Jarrett is more than a mere senior staffer to this president, and of course she is not going to be fired outright. Not ever. If her role in this administration reflected reality, Jarrett would be called “First Big Sister” to both Michelle and Barack. And who would fire the kind of big sister who “really dedicated her entire life to the Obamas,” as New York Times reporter Jodi Kantor told me when I interviewed her about her intimate look at the first family, The Obamas? “She has thrown her entire life into their cause, and she’s made it very clear that she would happily run in front of a speeding truck for them.”

Very moving. But the fact is, on balance it appears that Jarrett has been more an obstructer than a facilitator over the past six years when it comes to governing, and it’s probably long past time for the president to move her gently into another role.

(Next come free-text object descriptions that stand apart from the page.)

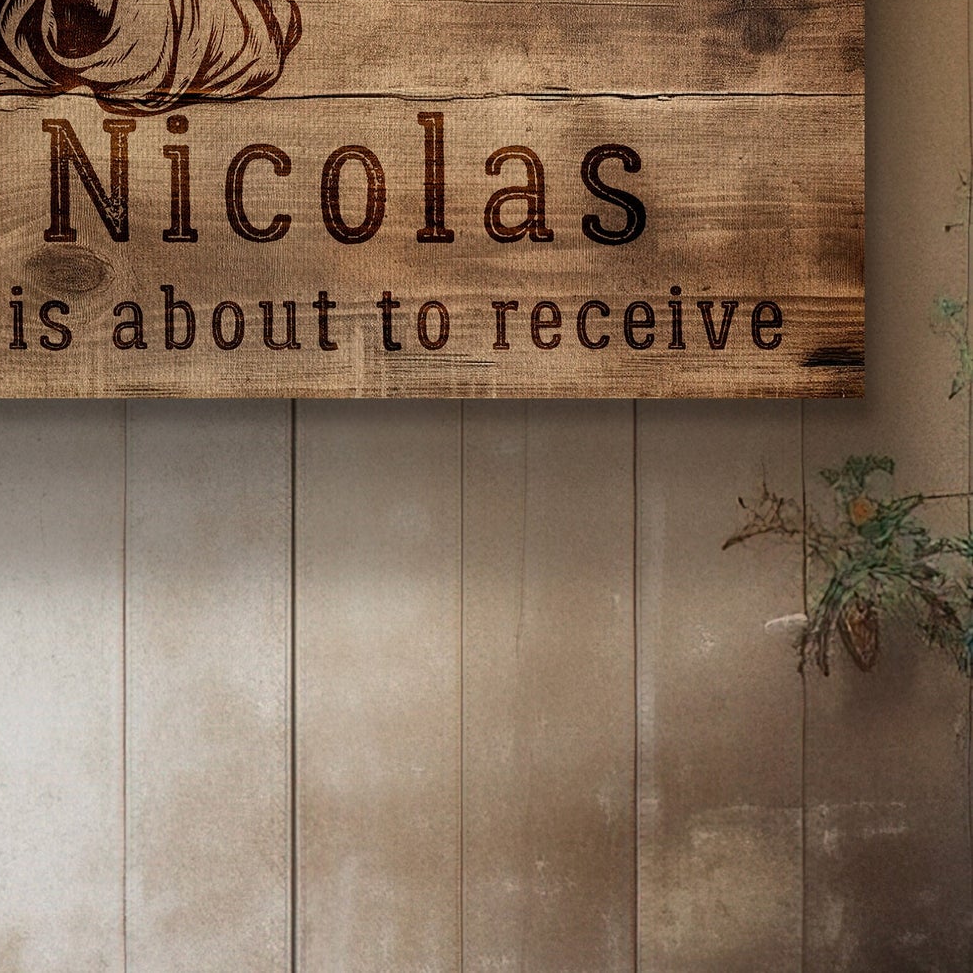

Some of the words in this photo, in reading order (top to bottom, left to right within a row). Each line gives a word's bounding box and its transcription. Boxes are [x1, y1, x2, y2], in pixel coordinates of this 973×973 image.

[42, 112, 646, 246] Nicolas
[11, 286, 74, 351] is
[113, 284, 340, 351] about
[378, 289, 453, 351] to
[492, 285, 785, 351] receive

For starters, even today, nobody knows precisely what Jarrett does in the White House. What exactly do her titles—senior advisor to the president, assistant to the president in charge of the Office of Intergovernmental Affairs, the Office of Public Engagement, the White House Council on Women and Girls—mean? More to the point, Jarrett has often used the aura of authority that these titles give her to stand in the way of talented White House staffers and a smoother-running administration, according to several books that have been written about the Obama presidency, among them Chuck Todd’s forthcoming The Stranger.